__PROBLEM REQUIREMENTS__: Restate all data exactly. No images.
═══ RECORDED INFORMATION
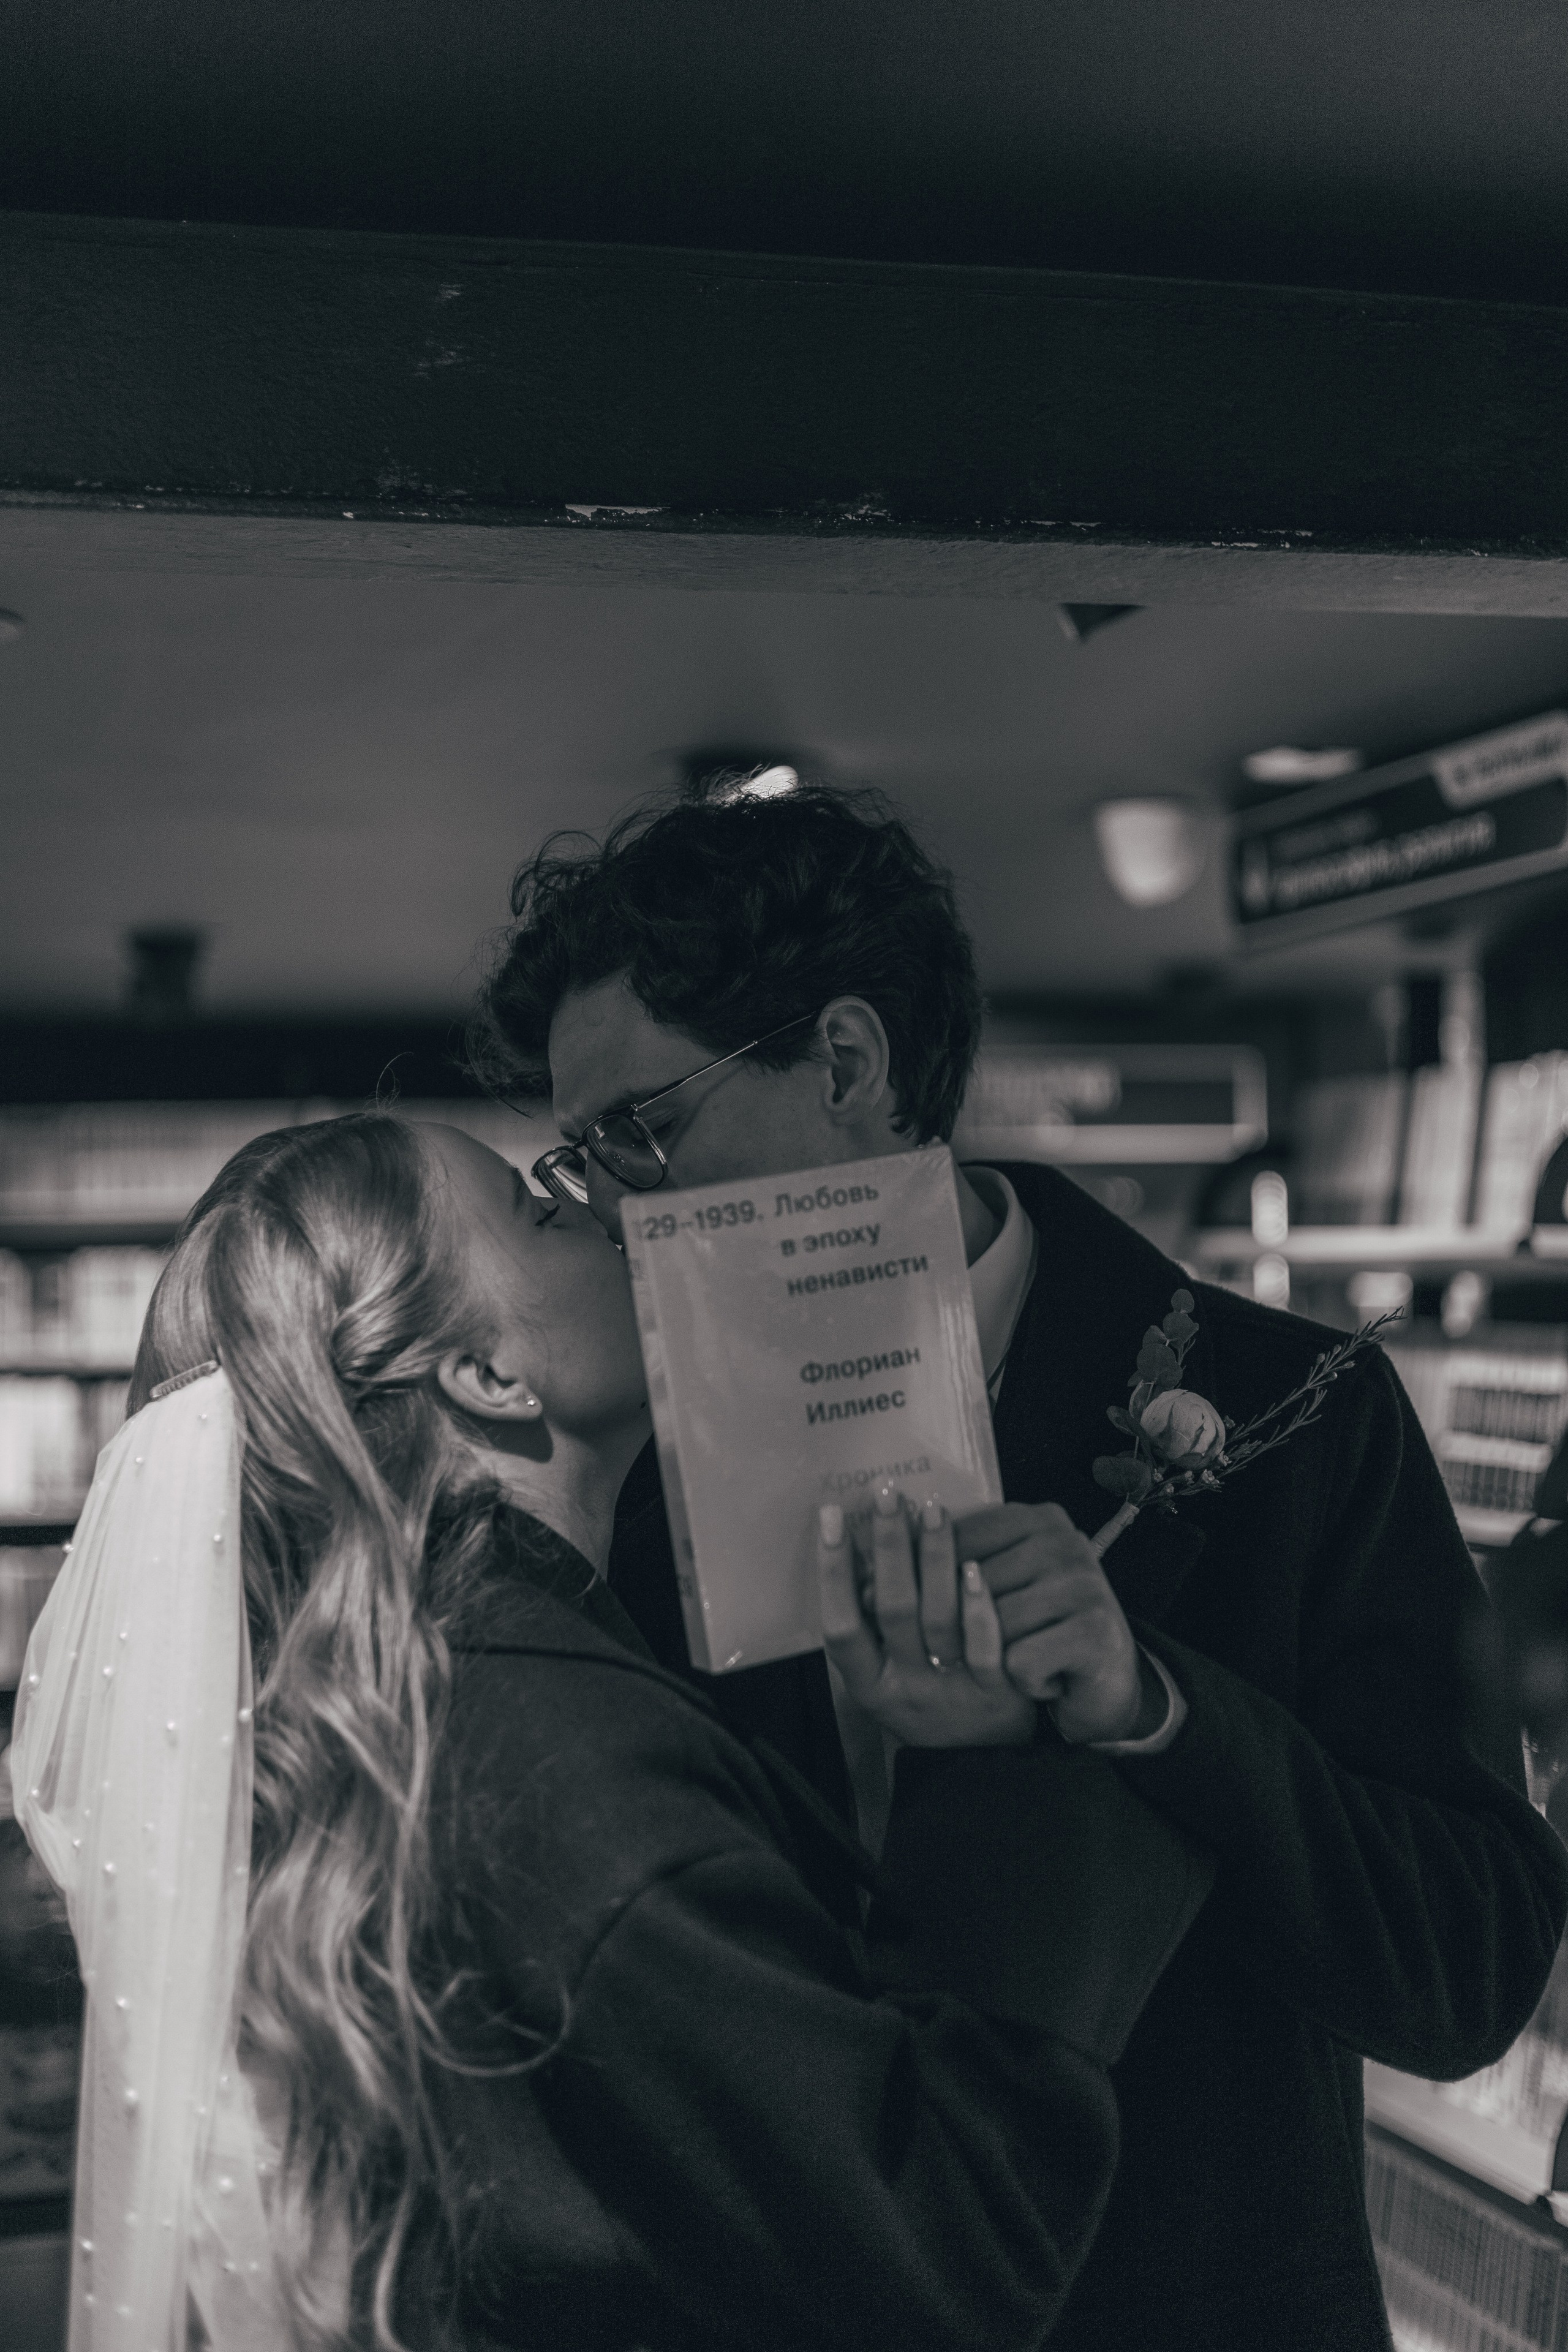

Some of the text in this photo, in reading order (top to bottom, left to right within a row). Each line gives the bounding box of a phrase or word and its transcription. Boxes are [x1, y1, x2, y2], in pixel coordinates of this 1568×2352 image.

[774, 1182, 879, 1217] Любовь
[780, 1222, 881, 1257] в эпоху
[786, 1253, 929, 1297] ненависти
[799, 1346, 921, 1386] Флориан
[805, 1388, 906, 1425] Иллиес
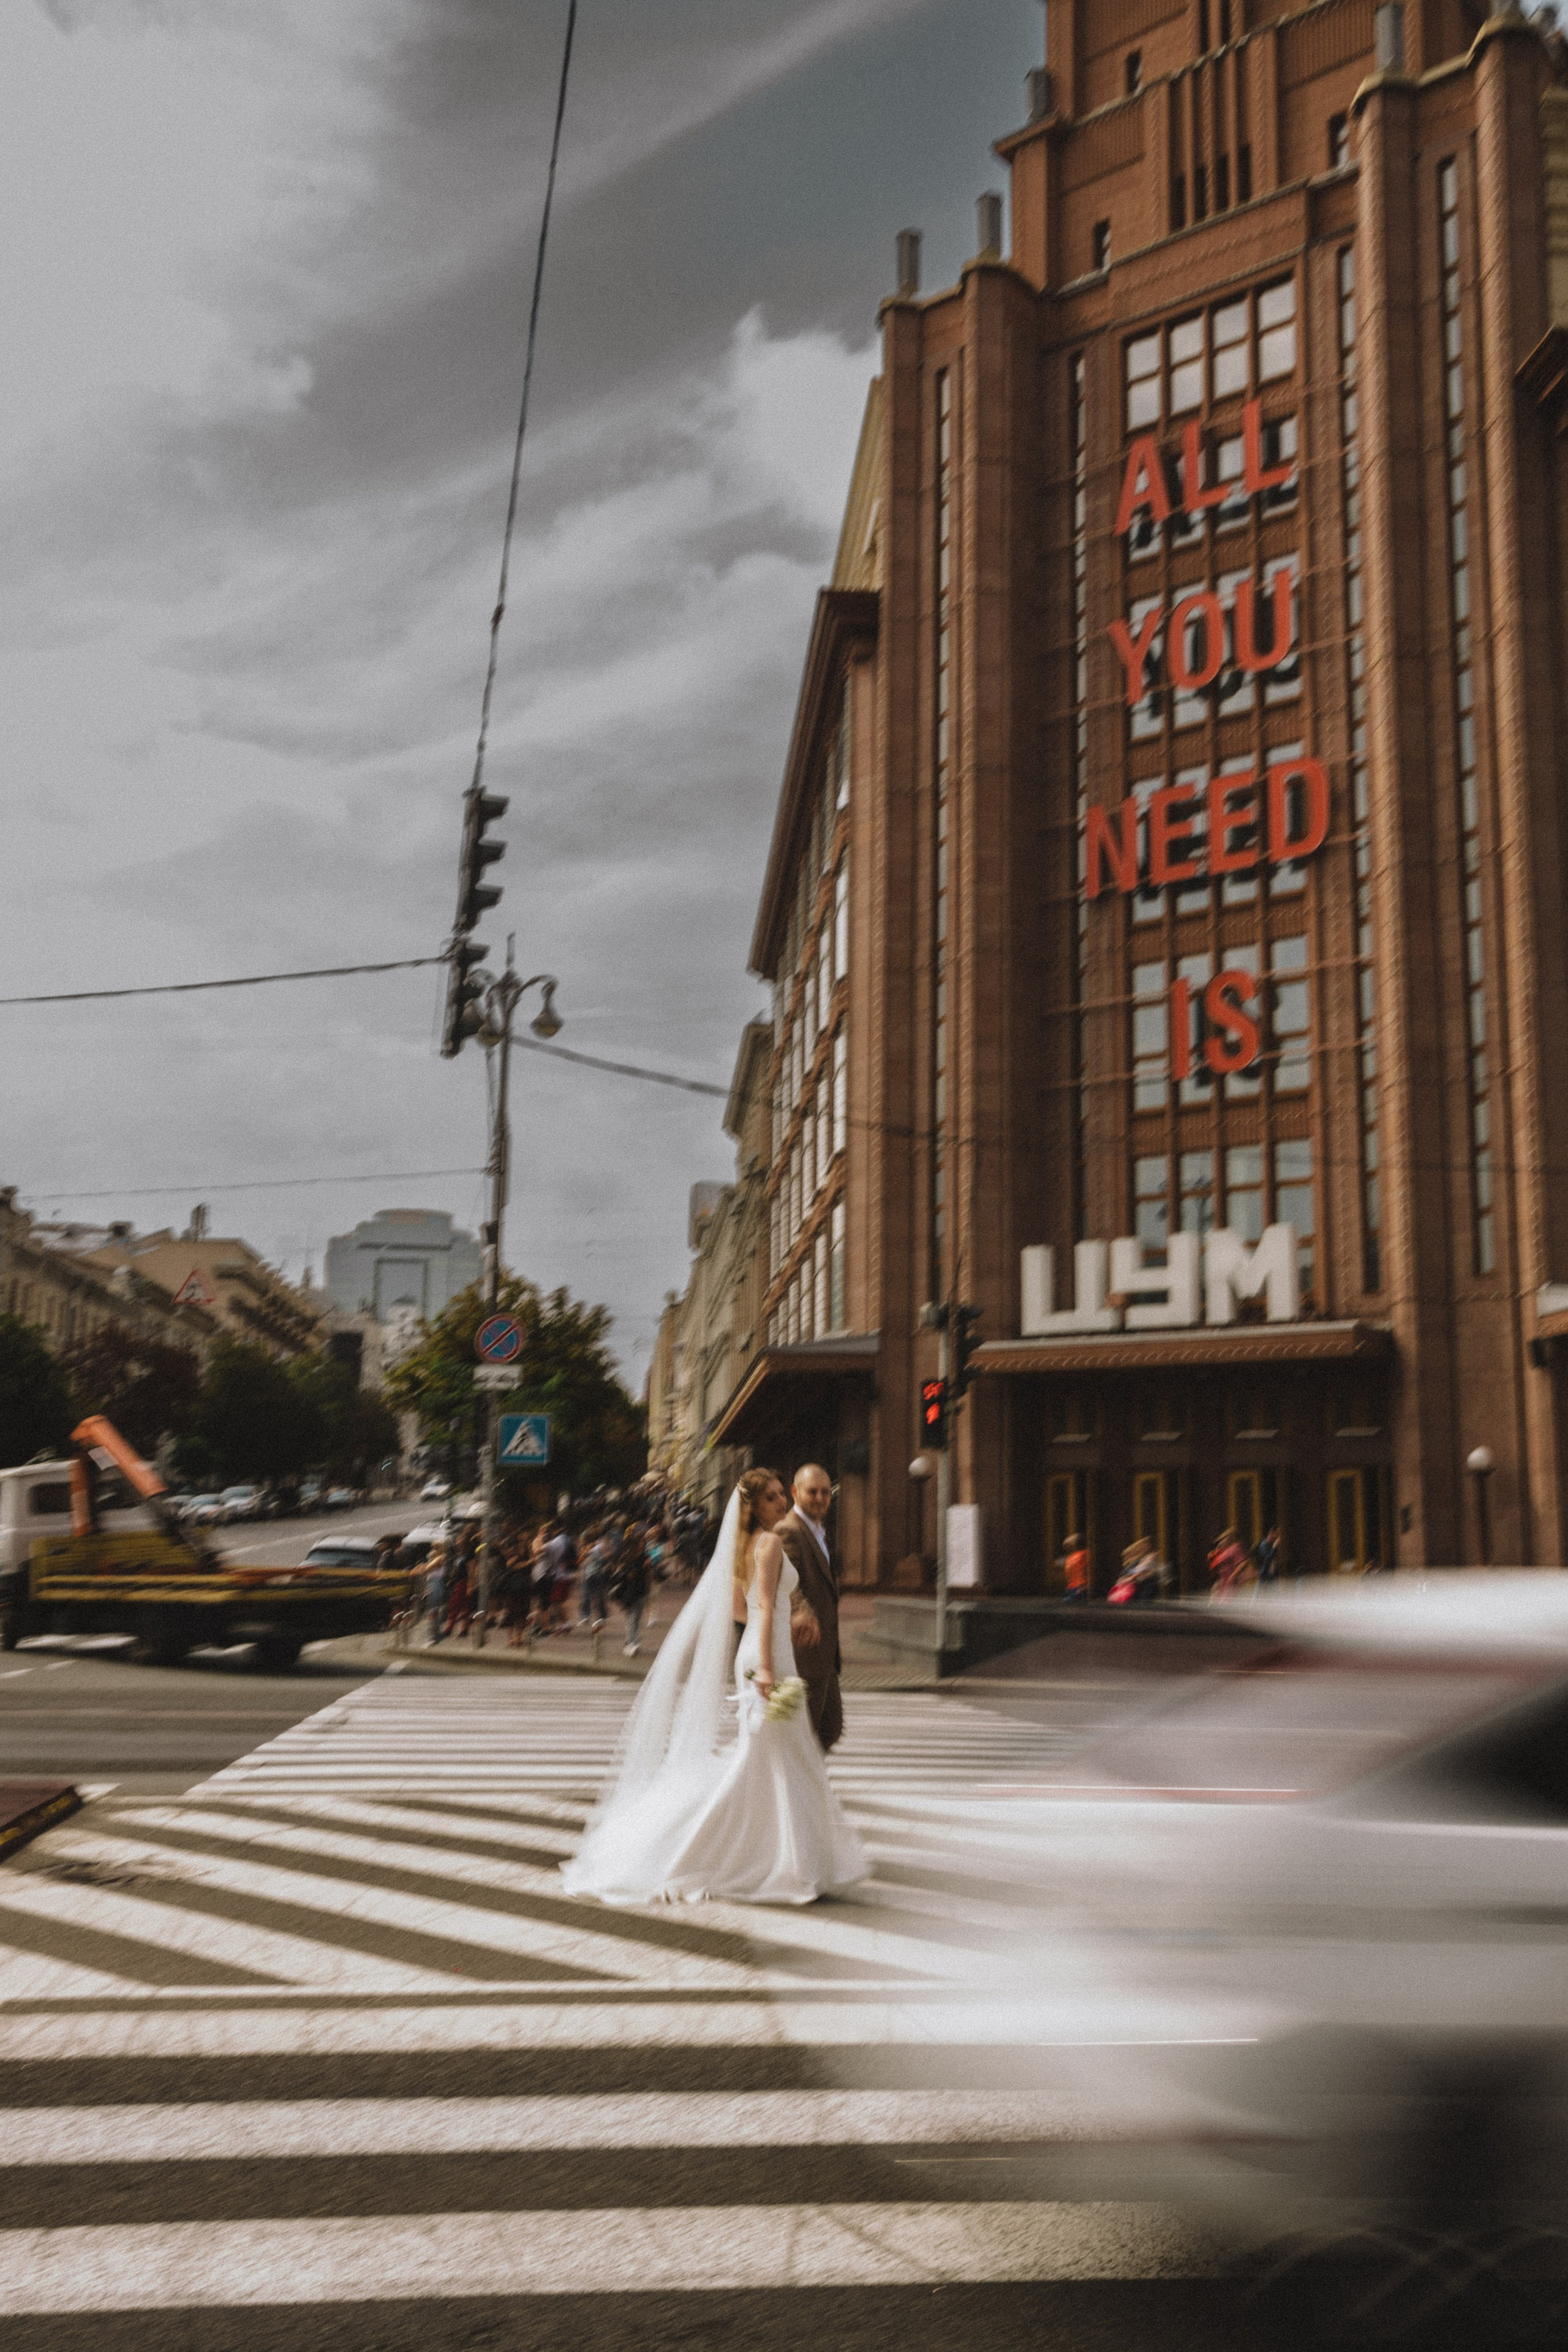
══════
__EXERCISE RESPONSE__:
Some of the text in this photo, in reading order (top to bottom, left to right within a row). Each line gives the bounding box of a phrase or word and its transcription. Boxes are [x1, y1, x2, y2], in pixel coordinates of this 1568×2352 image.

[774, 1182, 879, 1217] Любовь
[780, 1222, 881, 1257] в эпоху
[786, 1253, 929, 1297] ненависти
[799, 1346, 921, 1386] Флориан
[805, 1388, 906, 1425] Иллиес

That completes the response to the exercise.